[Start of Attachment]

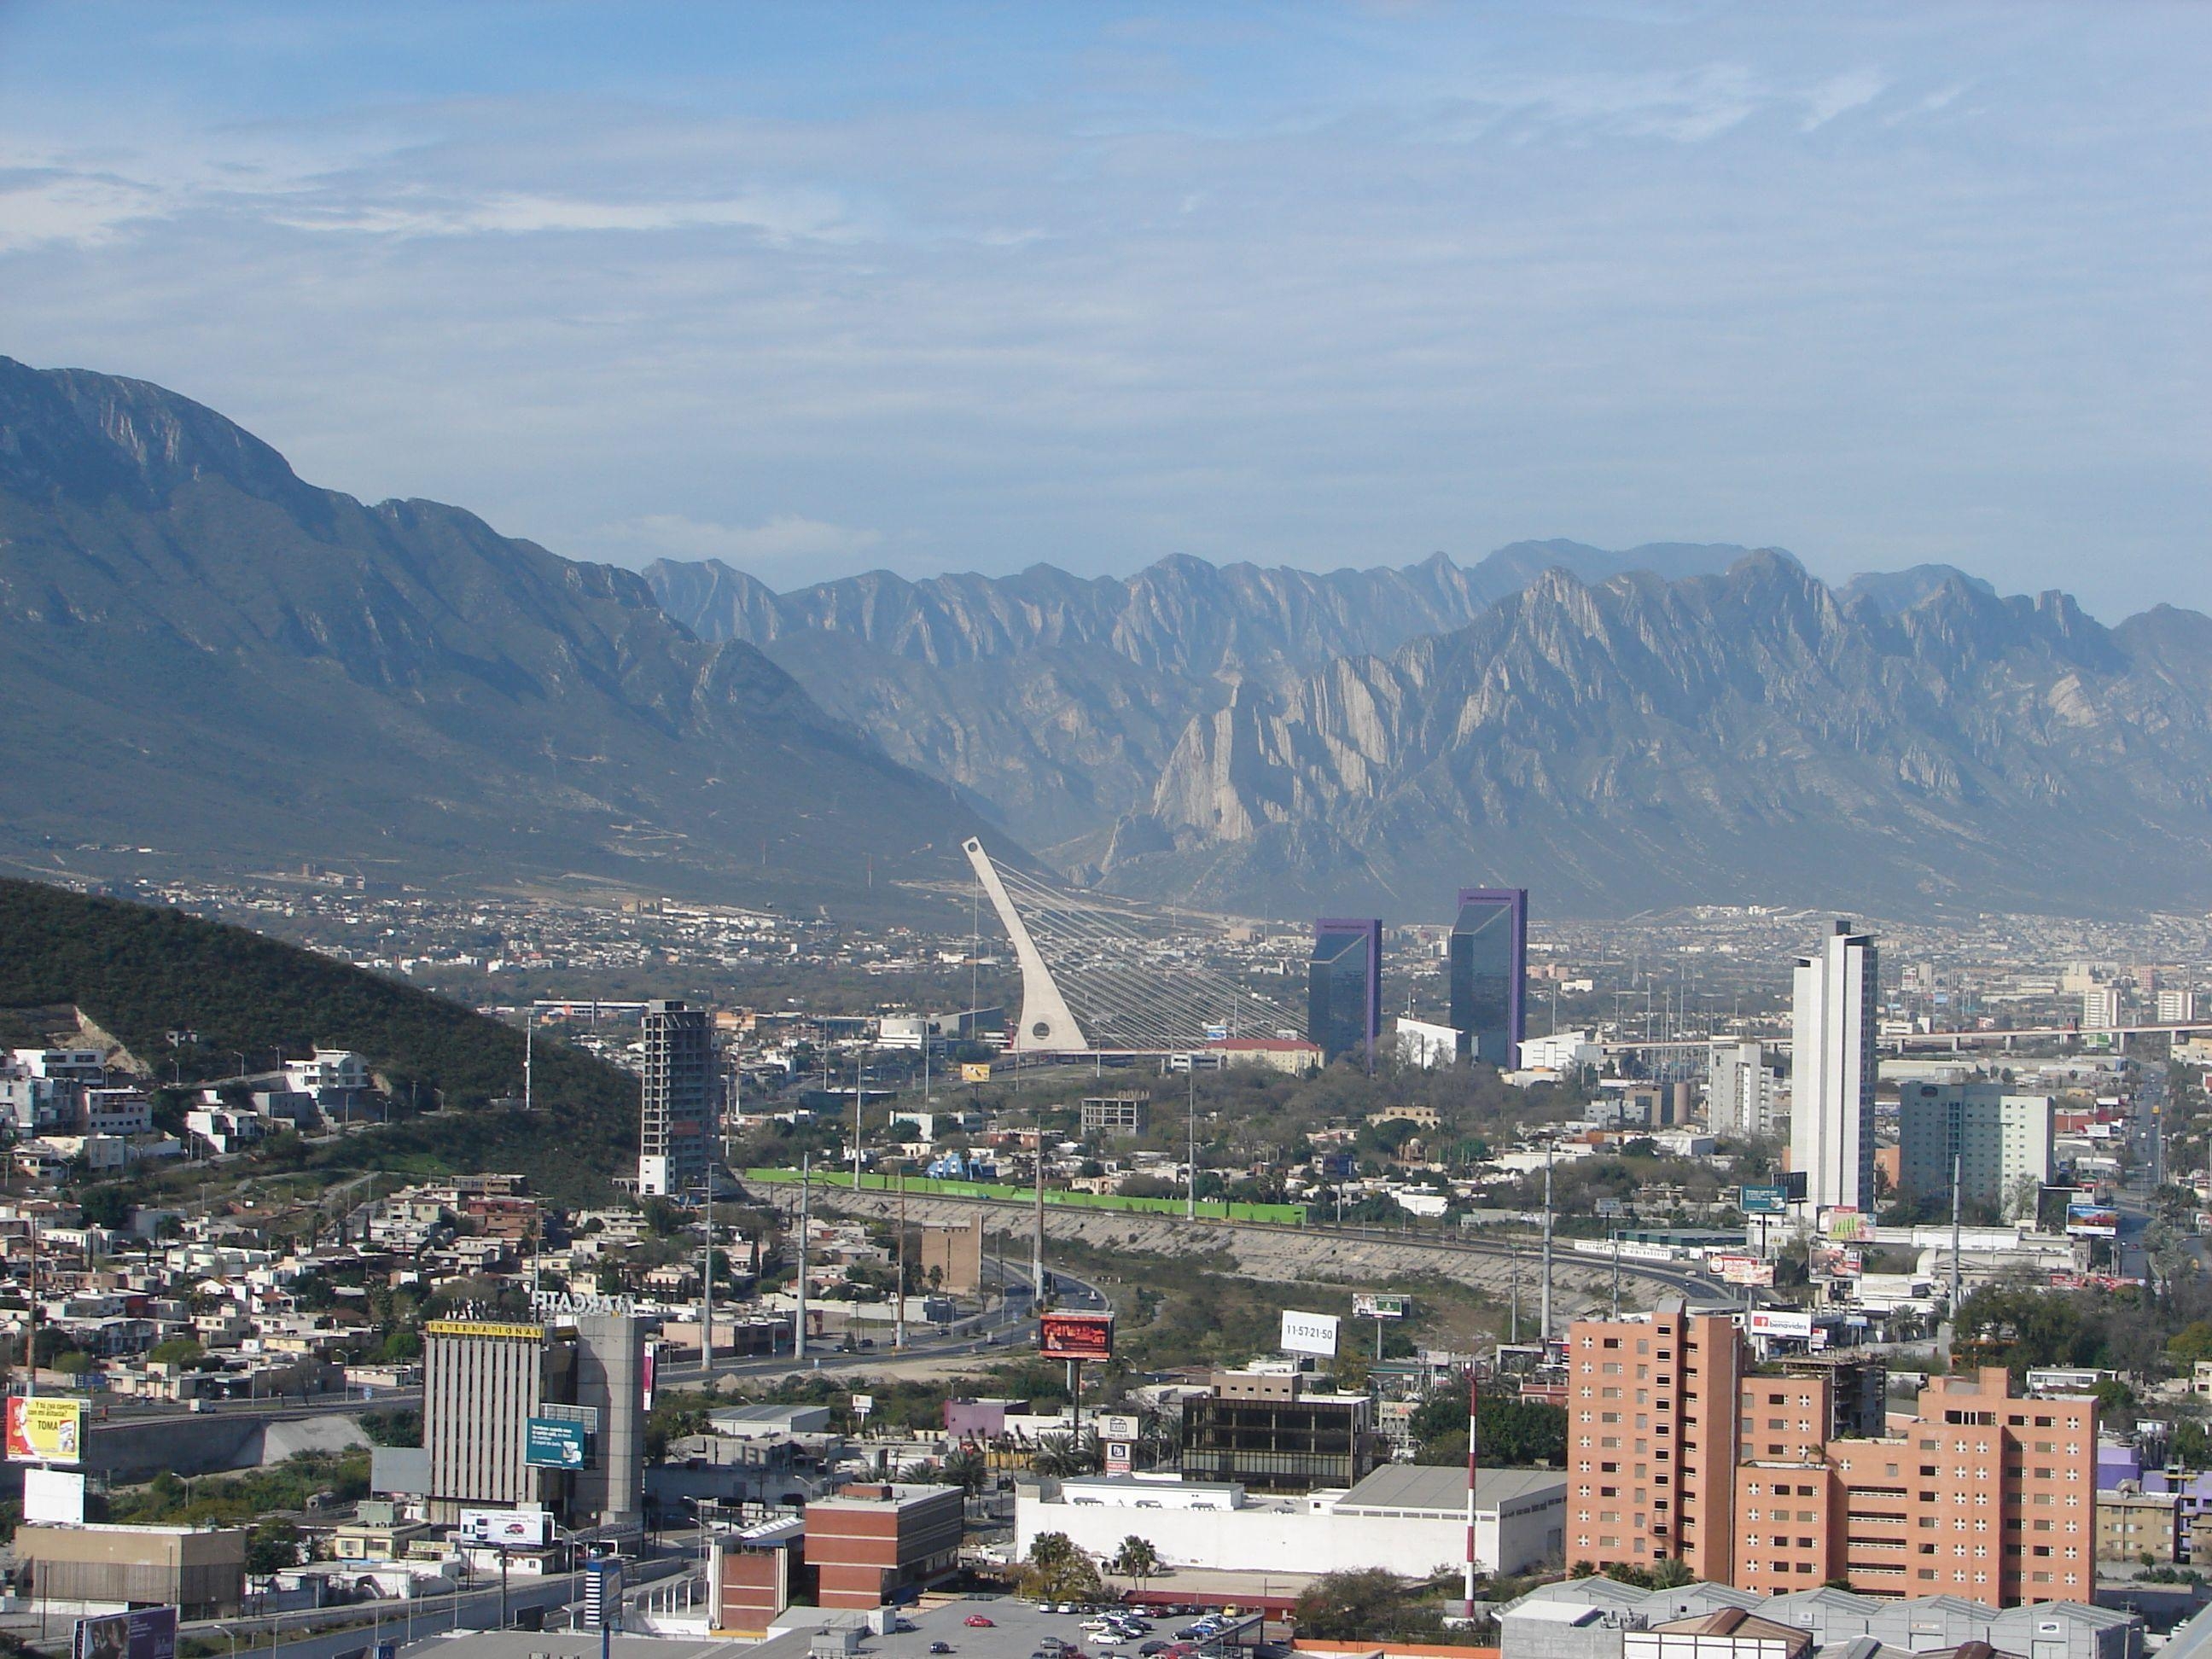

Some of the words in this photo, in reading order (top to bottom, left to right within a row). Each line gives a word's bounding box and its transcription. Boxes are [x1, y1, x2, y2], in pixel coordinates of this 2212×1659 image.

[430, 1323, 540, 1336] INTERNATIONAL
[1769, 1320, 1807, 1330] benavides
[38, 1420, 59, 1430] TOMA
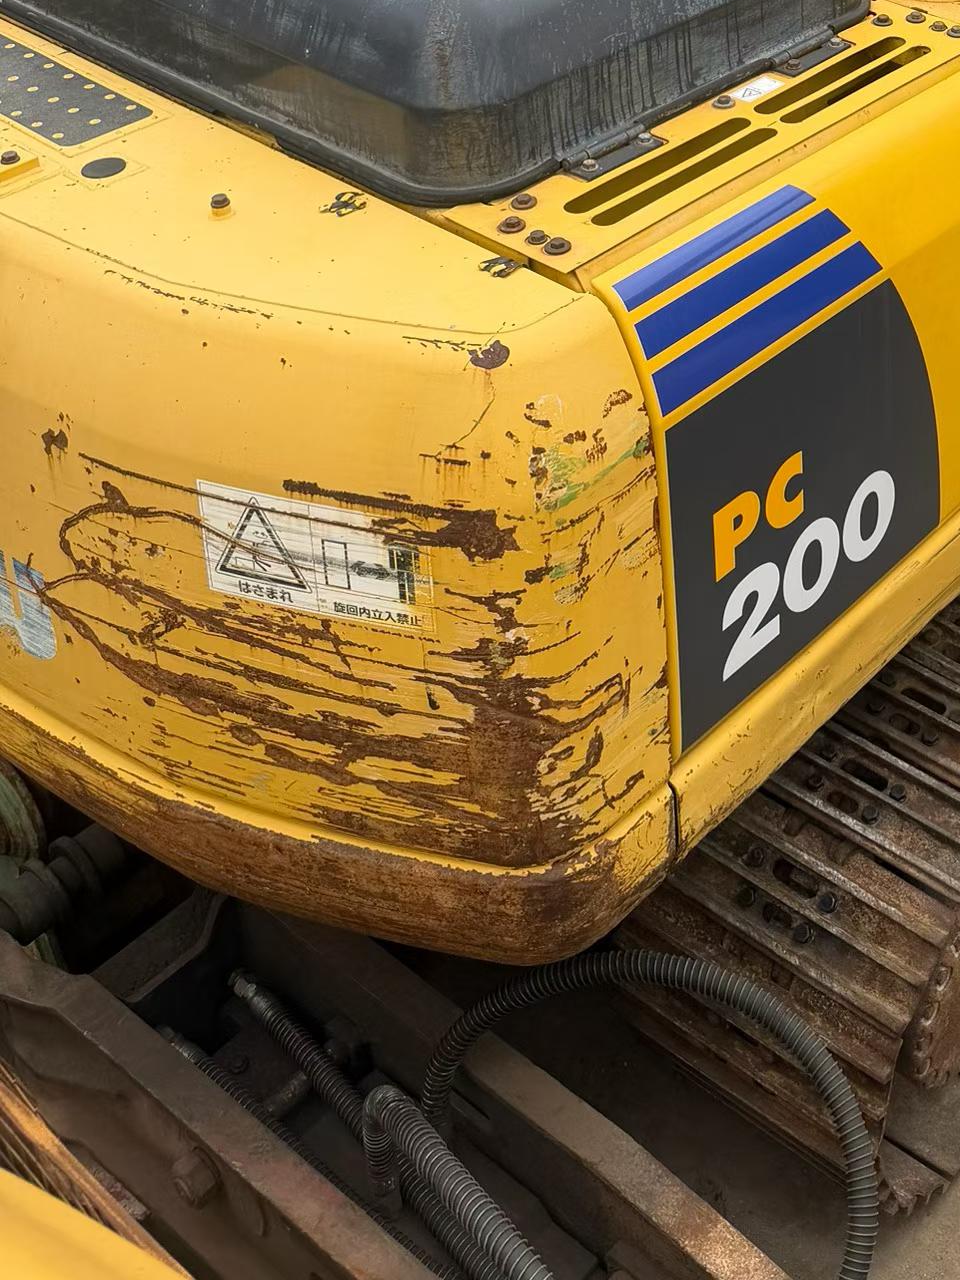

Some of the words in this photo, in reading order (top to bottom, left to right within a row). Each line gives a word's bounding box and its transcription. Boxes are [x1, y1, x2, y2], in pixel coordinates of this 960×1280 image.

[713, 450, 804, 583] PC
[238, 580, 293, 603] はさまれ
[333, 601, 422, 626] 旋回内立入禁止
[722, 469, 896, 682] 200
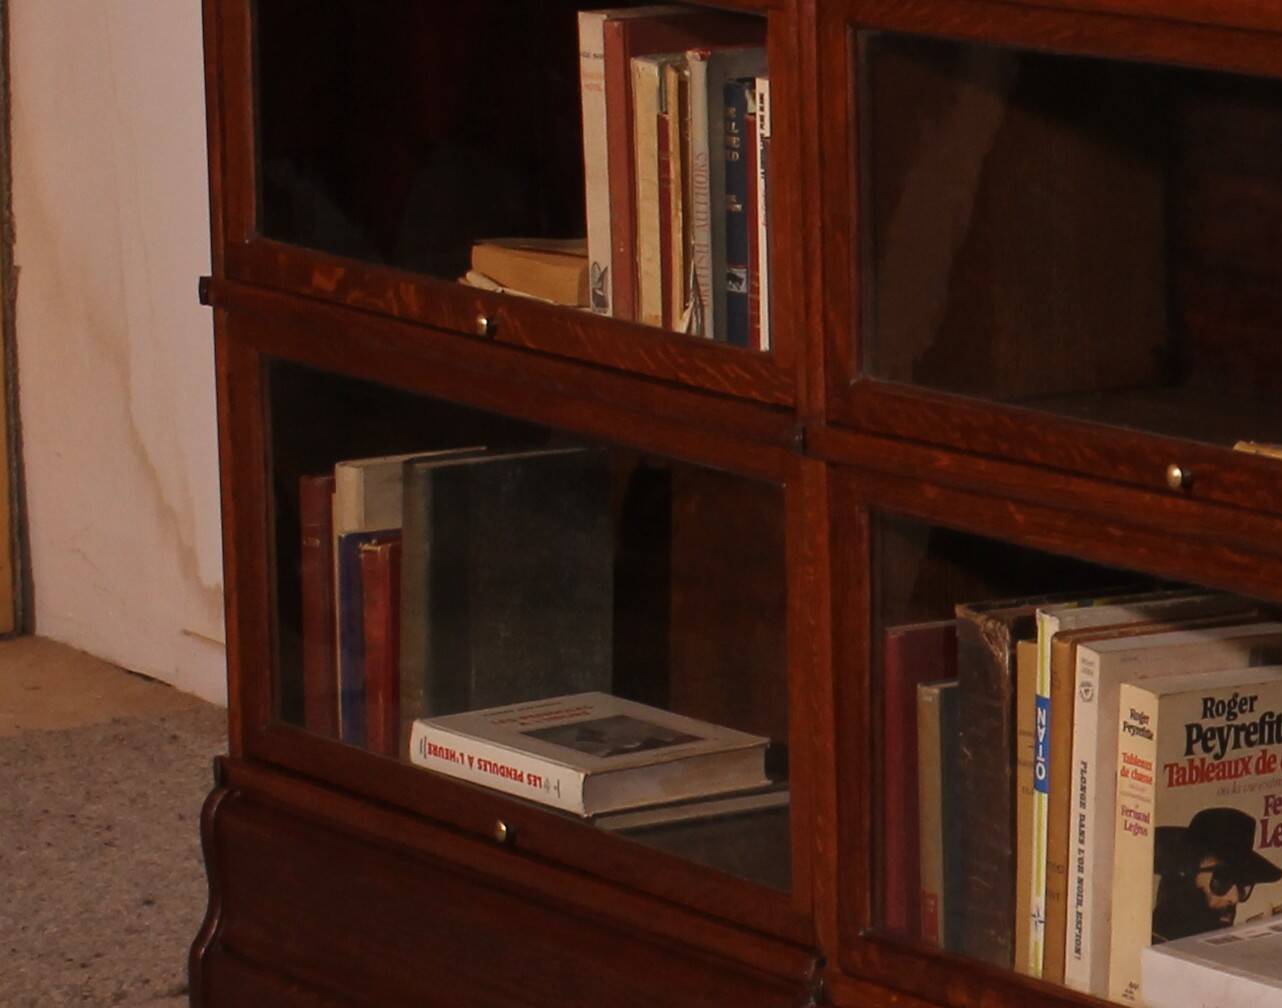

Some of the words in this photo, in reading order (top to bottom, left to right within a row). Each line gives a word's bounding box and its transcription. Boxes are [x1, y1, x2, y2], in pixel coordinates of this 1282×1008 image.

[694, 151, 709, 231] AUTHORS
[1130, 708, 1149, 725] Roger
[1201, 692, 1258, 721] Roger
[477, 757, 524, 782] PENDULES
[528, 771, 543, 790] LES
[1120, 765, 1130, 778] de
[1164, 753, 1253, 788] Tableaux
[1254, 748, 1277, 776] de
[1079, 760, 1088, 810] PLONGE
[1121, 804, 1150, 824] Fernand
[1078, 813, 1086, 846] DANS

[End of Attachment]

Work required -
All of the material above should be copied exactly, minus the pictures.

Expected answer -
Some of the words in this photo, in reading order (top to bottom, left to right within a row). Each line gives a word's bounding box and its transcription. Boxes are [x1, y1, x2, y2], in pixel coordinates of this 2212×1659 image.

[430, 1323, 540, 1336] INTERNATIONAL
[1769, 1320, 1807, 1330] benavides
[38, 1420, 59, 1430] TOMA

Some of the words in this photo, in reading order (top to bottom, left to right within a row). Each line gives a word's bounding box and its transcription. Boxes are [x1, y1, x2, y2], in pixel coordinates of this 960×1280 image.

[713, 450, 804, 583] PC
[238, 580, 293, 603] はさまれ
[333, 601, 422, 626] 旋回内立入禁止
[722, 469, 896, 682] 200

Some of the words in this photo, in reading order (top to bottom, left to right within a row). Each line gives a word's bounding box and its transcription. Boxes are [x1, y1, x2, y2], in pixel coordinates of this 1282×1008 image.

[694, 151, 709, 231] AUTHORS
[1130, 708, 1149, 725] Roger
[1201, 692, 1258, 721] Roger
[477, 757, 524, 782] PENDULES
[528, 771, 543, 790] LES
[1120, 765, 1130, 778] de
[1164, 753, 1253, 788] Tableaux
[1254, 748, 1277, 776] de
[1079, 760, 1088, 810] PLONGE
[1121, 804, 1150, 824] Fernand
[1078, 813, 1086, 846] DANS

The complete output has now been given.